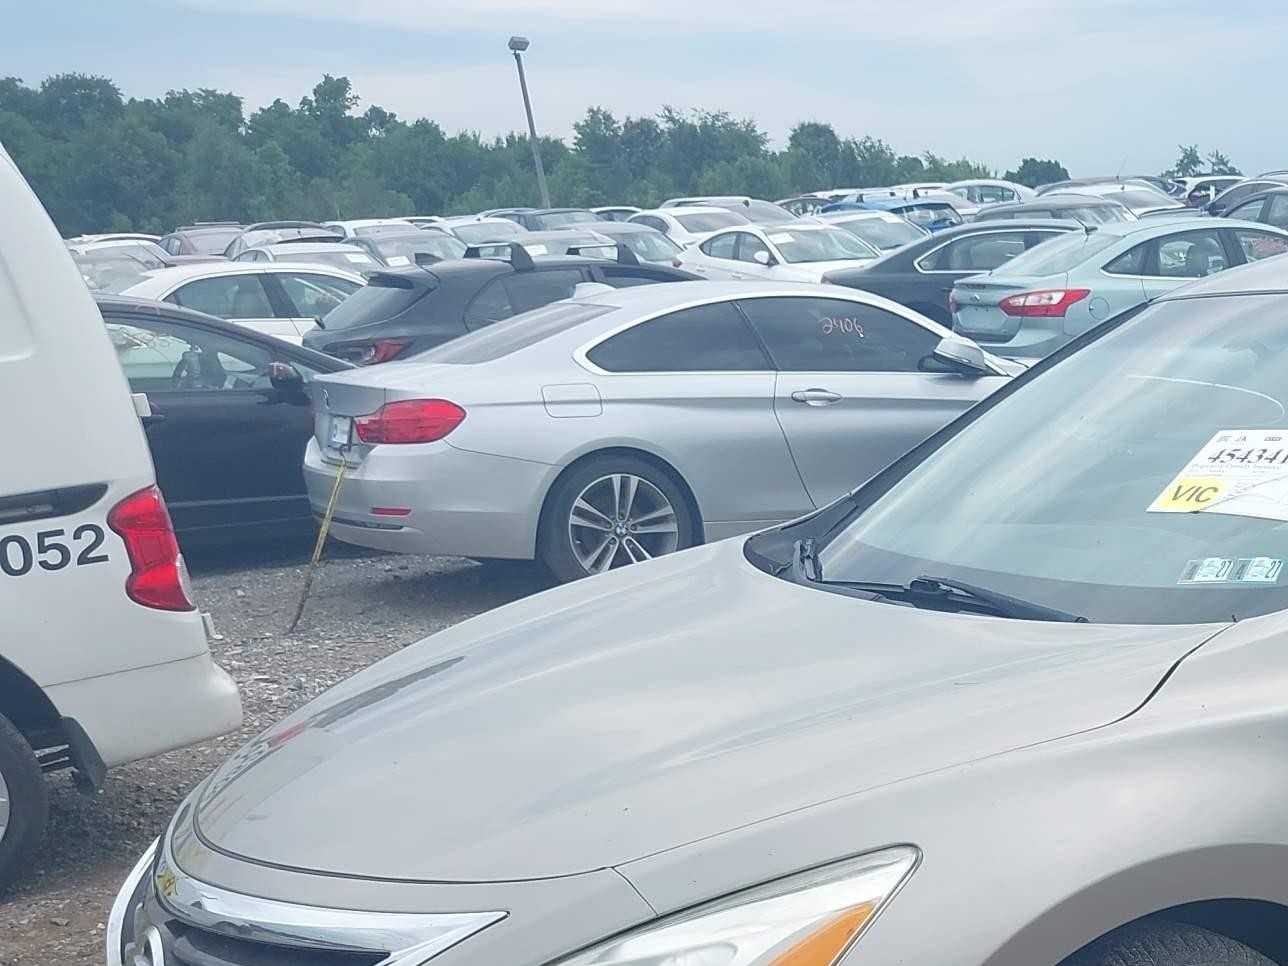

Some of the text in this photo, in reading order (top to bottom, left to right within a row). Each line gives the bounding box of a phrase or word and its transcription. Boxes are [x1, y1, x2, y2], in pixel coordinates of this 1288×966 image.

[819, 317, 864, 337] 2406
[1172, 485, 1218, 502] VIC
[0, 524, 109, 576] 052
[1215, 560, 1232, 577] 27
[1265, 560, 1283, 578] 27

Assignment> Would you copy all the material exactly, dropping the pictures?

Task result>
Some of the text in this photo, in reading order (top to bottom, left to right within a row). Each line gives the bounding box of a phrase or word and its transcription. Boxes are [x1, y1, x2, y2], in pixel coordinates of this 1288×966 image.

[819, 317, 864, 337] 2406
[1172, 485, 1218, 502] VIC
[0, 524, 109, 576] 052
[1215, 560, 1232, 577] 27
[1265, 560, 1283, 578] 27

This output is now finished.